He glared at her for a long moment then nodded. “You are right. Our people need me, need leadership. It is up to me to provide it.”

“It is indeed, sire.” Bell bowed to him, her new king. 

***

 

Part Fifteen

Bell was kneading a huge mound of dough for the morning bread when Thranduil came into the kitchen. It was still dark out and would be for several more hours. 

He grabbed an apple out of the bowl on the table and sat down. 

“Being a king is easier than being a father.”

Bell hid her grin. What had Legolas done now? 

“He told me that I smell like old people!” 

Bell laughed out loud. “You’re younger than me and he tells me I smell like a party!” 

Thranduil stuck his tongue out at her. “That’s only because you always smell like baking. Any day Legolas gets pie is a party to him.”

“Maybe we should all take a lesson from him then.” 

“How come you’re so wise?” 

“Because I am older than you are.” 

Bell divided the dough into five loaves and covered them with a towel to rise. There would be hot bread to eat with butter and honey when everyone came to the dining room for breakfast. 

She opened one of the ovens and lifted out a large baked ham, which she set up on the carving table to cool a few minutes before she sliced it. 

“I have some bread already done. Would you like a bit of ham on hot bread?” 

Thranduil sighed with happiness. “I thought you’d never ask.” 

 

***

 

Part Sixteen 

“I am never going to be a good archer, Bell!” Legolas had just begun his training with the other young elves of his age. 

“Yes, you will. You must keep practicing.” 

“You bake bread. How hard can that be? You don’t know anything about being an archer.” Legolas was just learning to read and he thought he must know almost everything by now. 

Bell grinned and leaned down so they were face to face. “Actually, I was one of the best archers in your grandfather’s army. If you don’t believe me, ask your father.” 

He clearly thought she was delusional but that didn’t stop him from pocketing a couple of her biscuits on his way out the door. 

An hour later, he was back, looking a bit sheepish. “Bell, Papa says you are the best archer in all the land and that if I want to learn to be a good one, then I must be nice to you so you’ll give me lessons.” 

Bell smiled at him. “You certainly must be nice to me.” She kissed the tip of his nose. “But that is not a problem. You are the sweetest elf in all of the Green Wood. Grab a few more of those biscuits and follow me to the training field. We’ll have you hitting the bull’s eye in no time at all.” 

***

Part Seventeen 

Legolas had been hanging around the kitchen a lot the last few days, looking all moony-eyed and sighing a lot. That could only mean one thing. He was in love. 

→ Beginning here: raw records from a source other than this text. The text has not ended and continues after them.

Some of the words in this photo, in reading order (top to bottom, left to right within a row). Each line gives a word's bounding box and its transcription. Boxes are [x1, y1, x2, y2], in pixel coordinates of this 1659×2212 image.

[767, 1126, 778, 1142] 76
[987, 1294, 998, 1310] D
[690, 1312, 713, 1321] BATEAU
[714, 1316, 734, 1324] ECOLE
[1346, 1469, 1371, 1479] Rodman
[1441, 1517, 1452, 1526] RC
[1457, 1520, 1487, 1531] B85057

The stone cutter’s daughter, Merien, was a cute little thing with her mop of dark hair and her huge blue eyes. Legolas had been following her around for weeks. He was bothering her so much that her father came to to Bell. 

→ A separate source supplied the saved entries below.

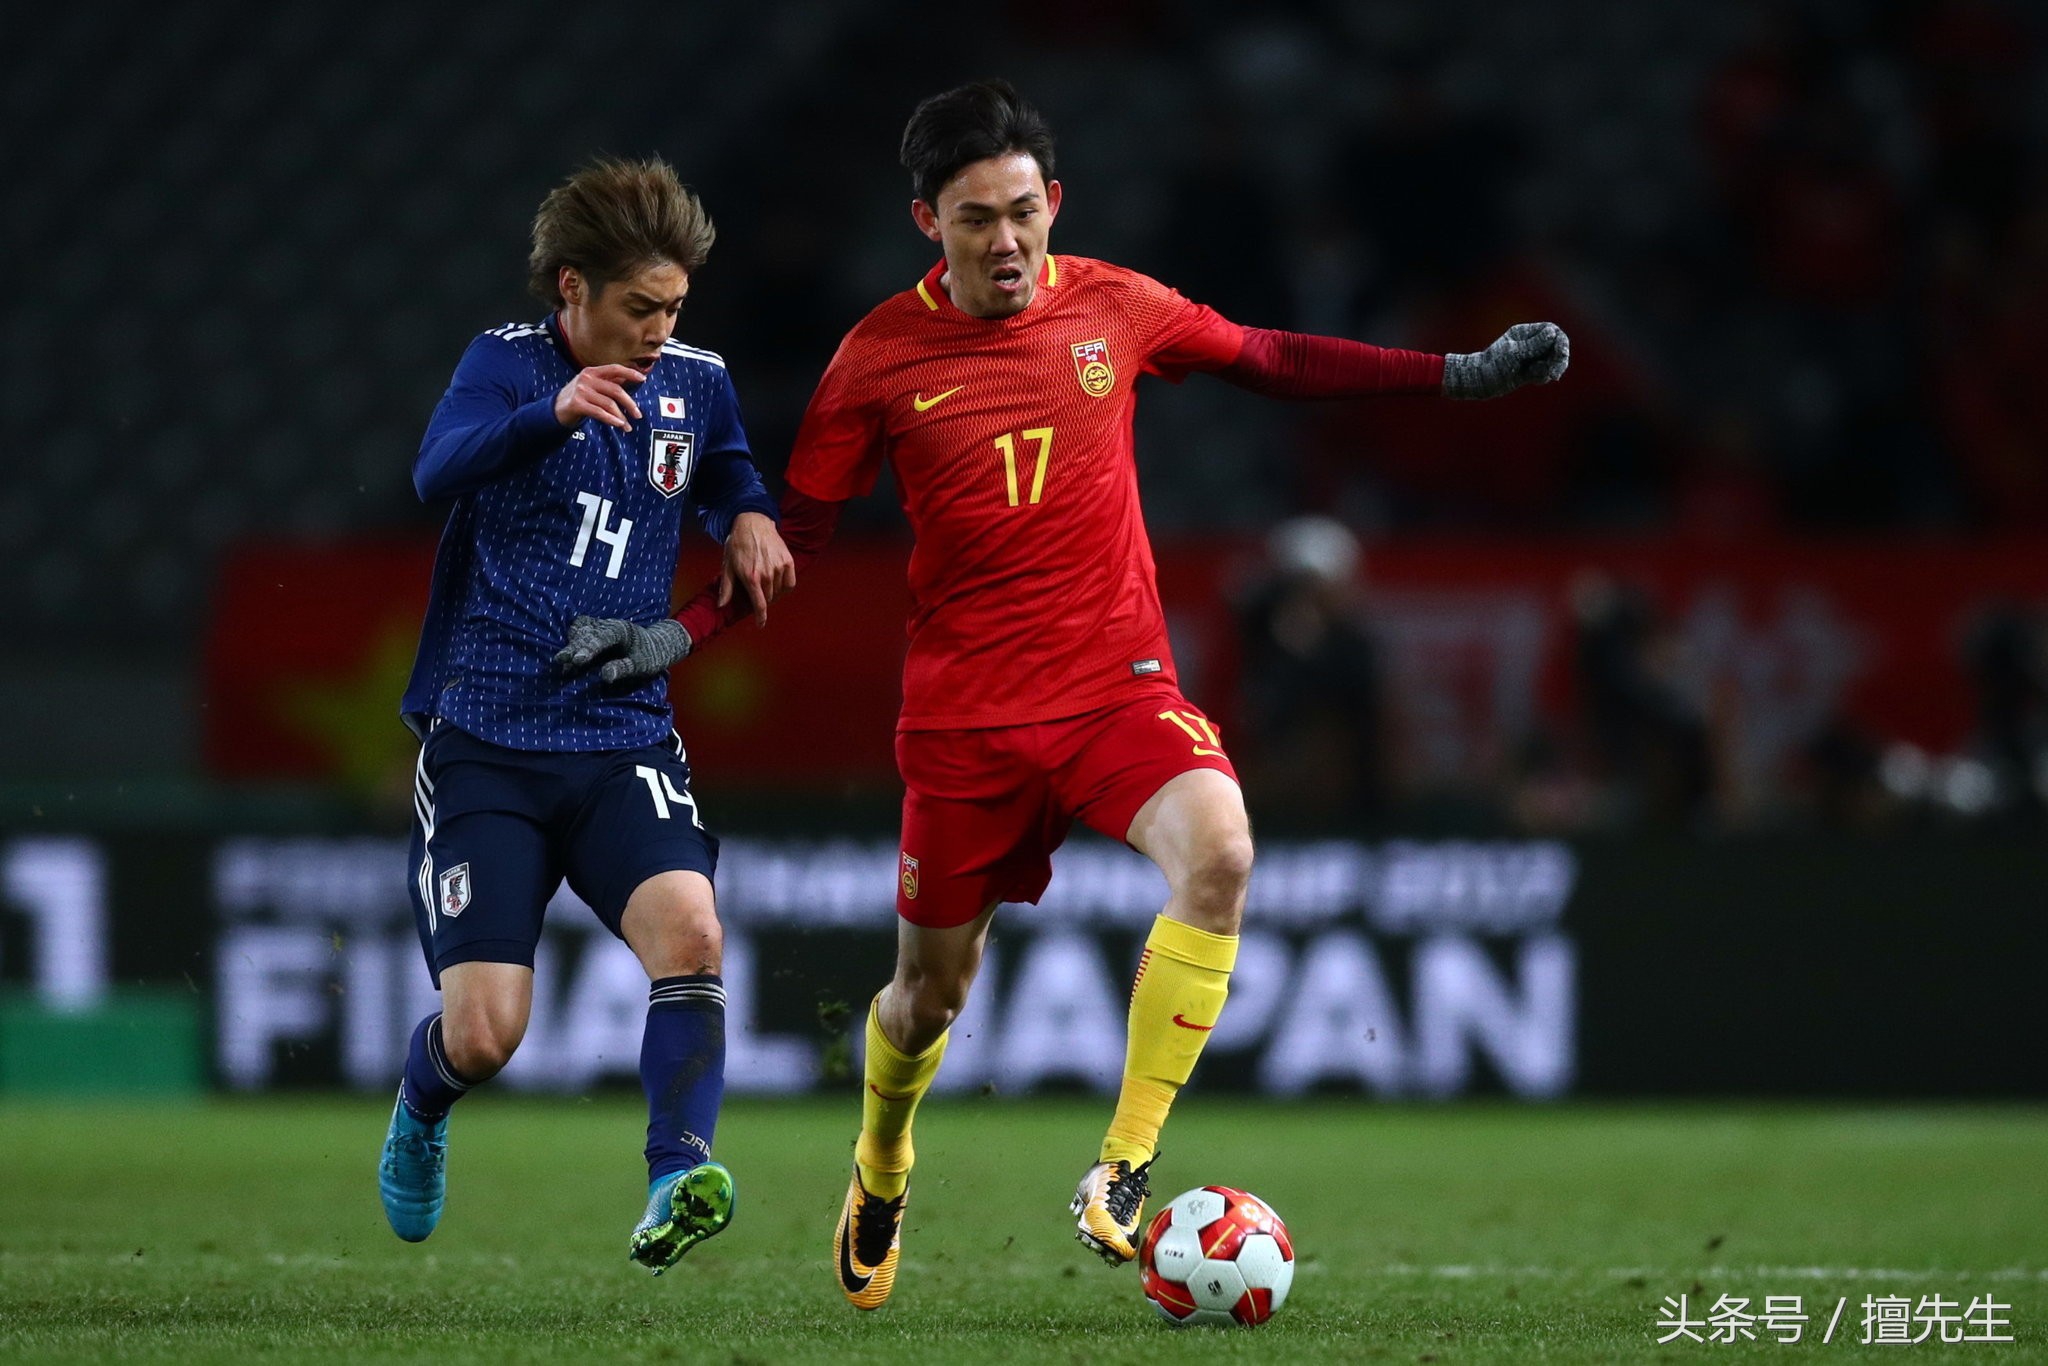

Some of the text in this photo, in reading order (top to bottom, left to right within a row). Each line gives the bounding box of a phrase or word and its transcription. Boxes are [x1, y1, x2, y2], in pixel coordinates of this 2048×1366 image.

[1074, 342, 1104, 357] CFA
[994, 426, 1054, 507] 17
[569, 491, 633, 579] 14
[1157, 710, 1220, 748] 17
[636, 765, 705, 831] 14

“He’s a sweet lad but he’s proposed marriage to her and her only ten years old. I think she’d like to stay single for a few more years.” 

Bell smiled. “If she can be patient for a few weeks, I think her problems will be over.” 

“Is Legolas going away?” 

“Oh, no.. His father is giving him his first horse. He sent all the way to Rivendell for a pony from Lord Elrond’s horse master.”

Mirien’s father smiled. “Not even the prettiest little girl in the world can compete with a boy’s first horse.” 

“You’re safe for a few more years then, until they hit puberty,” Bell said. 

“We’ll cross that bridge when we come to it. No use in us borrowing trouble, is there?” 

Bell agreed thoroughly. 

***

 

Part Eighteen 

Legolas was out hunting deer in the forest outside his hidden home when he heard something nearby. Whoever they were, they were noisy and they weren’t speaking Sindarin. It was a similar language but very harsh and guttural. He hid down behind a large row of wild roses that grew all over the forest. 

They came into view. There was a band of twenty-five or so of them.

Orcs! 

How had he not smelled them before they came into sight? He certainly smelled their awful stench now. It was all he could do not to gag. He put his hand over his mouth to keep himself from making a sound.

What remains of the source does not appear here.